+++ Records provided

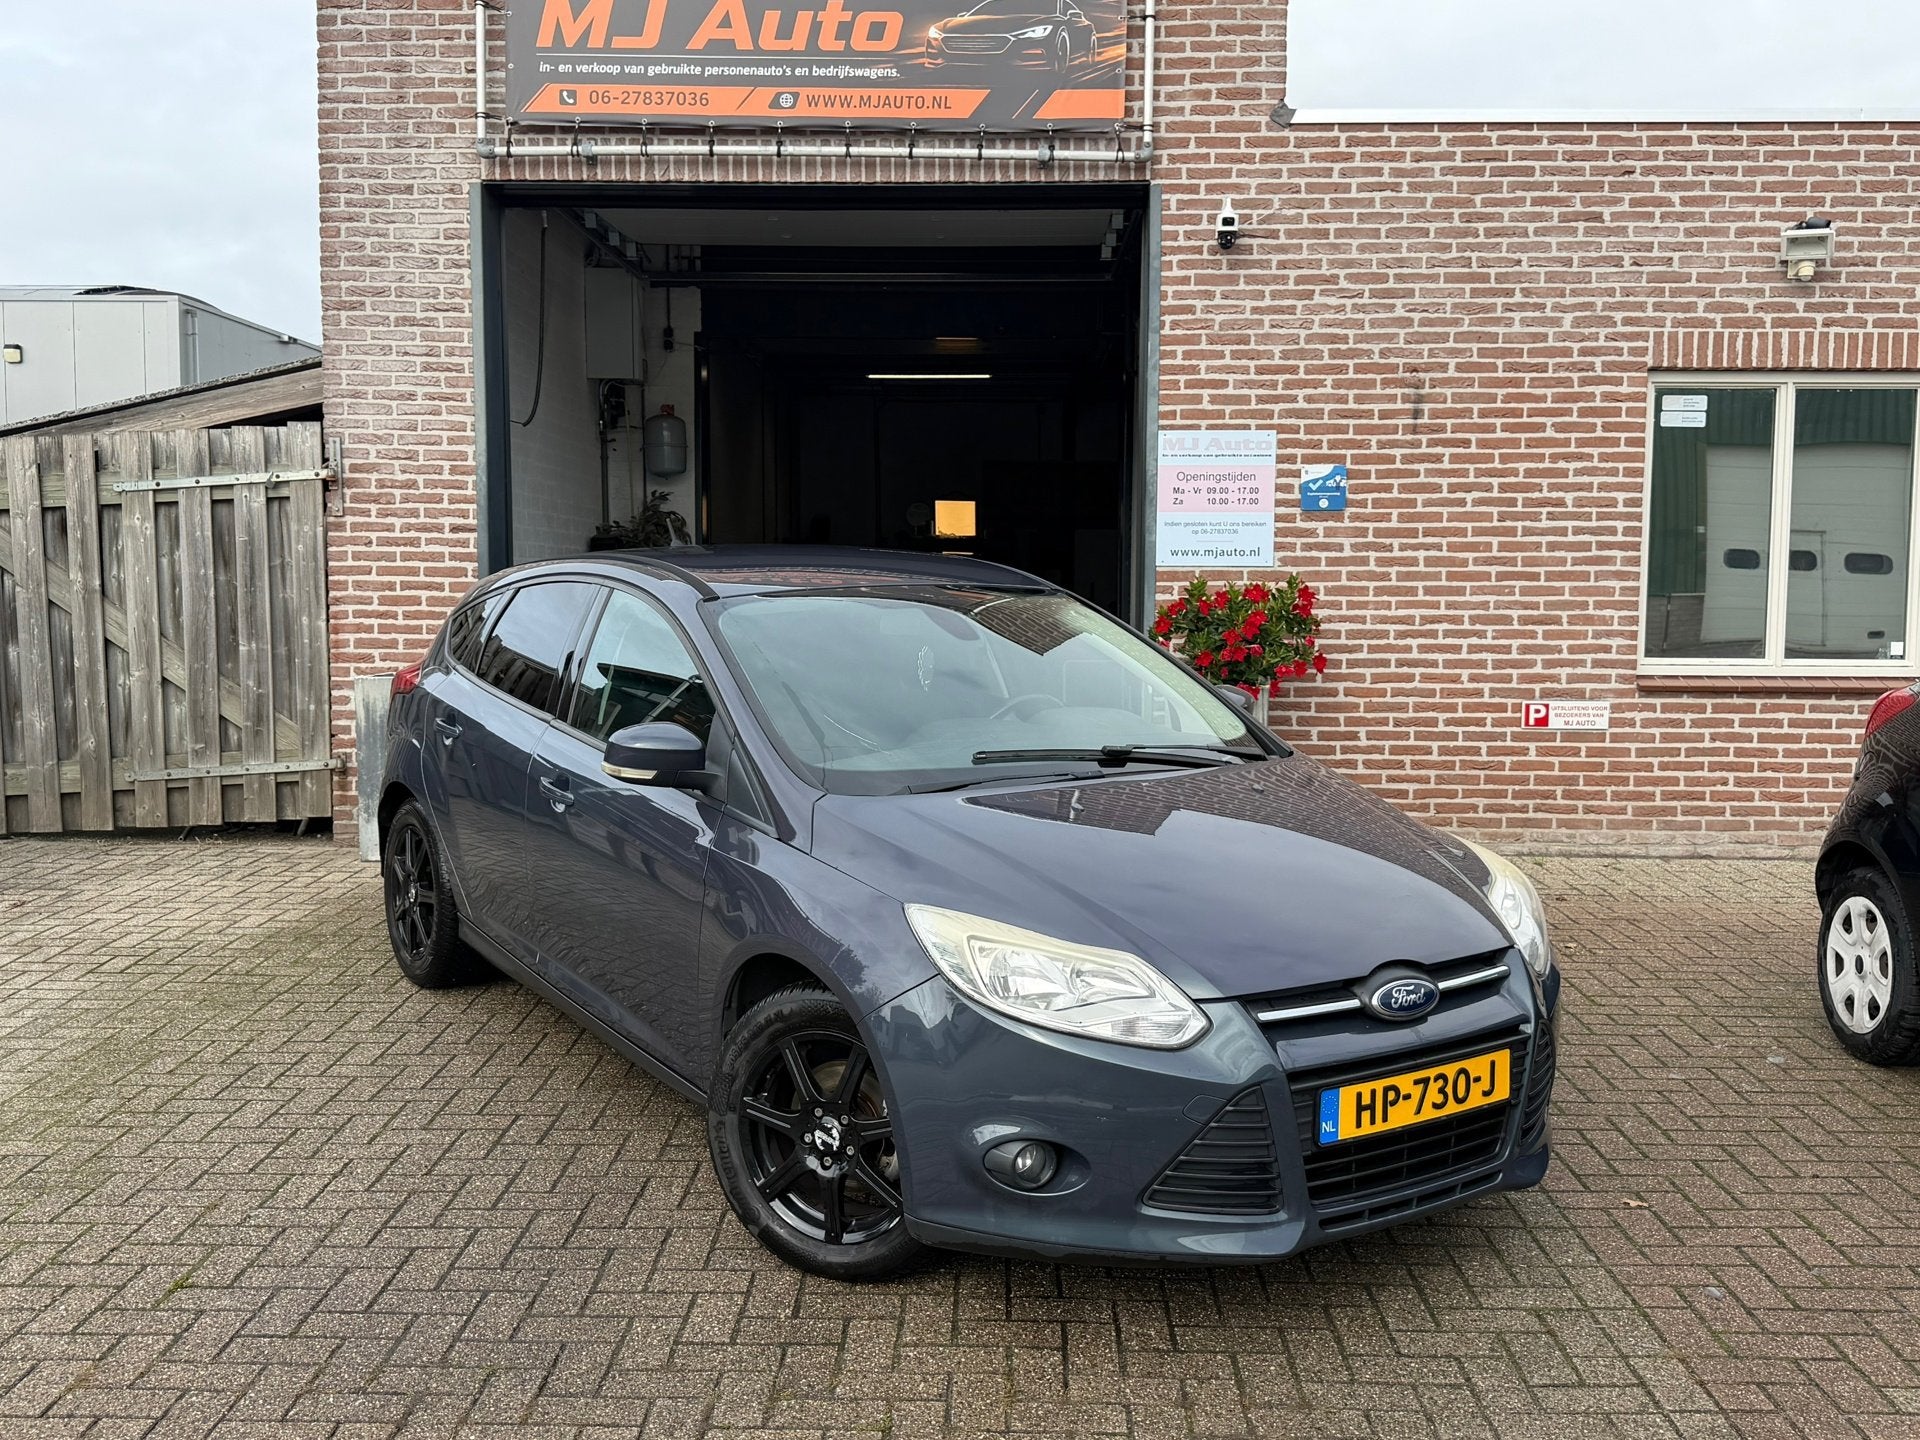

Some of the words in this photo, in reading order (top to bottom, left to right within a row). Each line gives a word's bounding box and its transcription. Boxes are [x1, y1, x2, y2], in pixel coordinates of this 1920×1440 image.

[536, 0, 668, 48] MJ
[685, 0, 904, 51] Auto
[539, 61, 555, 72] in-
[558, 64, 573, 73] en
[576, 62, 621, 75] verkoop
[624, 65, 645, 74] van
[647, 63, 702, 76] gebruikte
[704, 65, 792, 77] personenauto's
[794, 67, 809, 76] en
[812, 65, 901, 80] bedrijfswagens.
[589, 90, 710, 106] 06-27837036
[806, 94, 952, 109] WWW.MJAUTO.NL
[1162, 437, 1199, 450] MJ
[1204, 437, 1273, 450] Auto
[1176, 471, 1256, 484] Openingstijden
[1170, 546, 1261, 559] www.mjauto.nl
[1528, 704, 1547, 726] P
[1391, 984, 1426, 1008] Ford
[1355, 1059, 1497, 1130] HP-730-J
[1321, 1121, 1336, 1134] NL

++++++

:: What needs to be done ::
Keeping the pictures out, output the records from above exactly and completely.

:: Result for this exercise ::
Some of the words in this photo, in reading order (top to bottom, left to right within a row). Each line gives a word's bounding box and its transcription. Boxes are [x1, y1, x2, y2], in pixel coordinates of this 1920×1440 image.

[536, 0, 668, 48] MJ
[685, 0, 904, 51] Auto
[539, 61, 555, 72] in-
[558, 64, 573, 73] en
[576, 62, 621, 75] verkoop
[624, 65, 645, 74] van
[647, 63, 702, 76] gebruikte
[704, 65, 792, 77] personenauto's
[794, 67, 809, 76] en
[812, 65, 901, 80] bedrijfswagens.
[589, 90, 710, 106] 06-27837036
[806, 94, 952, 109] WWW.MJAUTO.NL
[1162, 437, 1199, 450] MJ
[1204, 437, 1273, 450] Auto
[1176, 471, 1256, 484] Openingstijden
[1170, 546, 1261, 559] www.mjauto.nl
[1528, 704, 1547, 726] P
[1391, 984, 1426, 1008] Ford
[1355, 1059, 1497, 1130] HP-730-J
[1321, 1121, 1336, 1134] NL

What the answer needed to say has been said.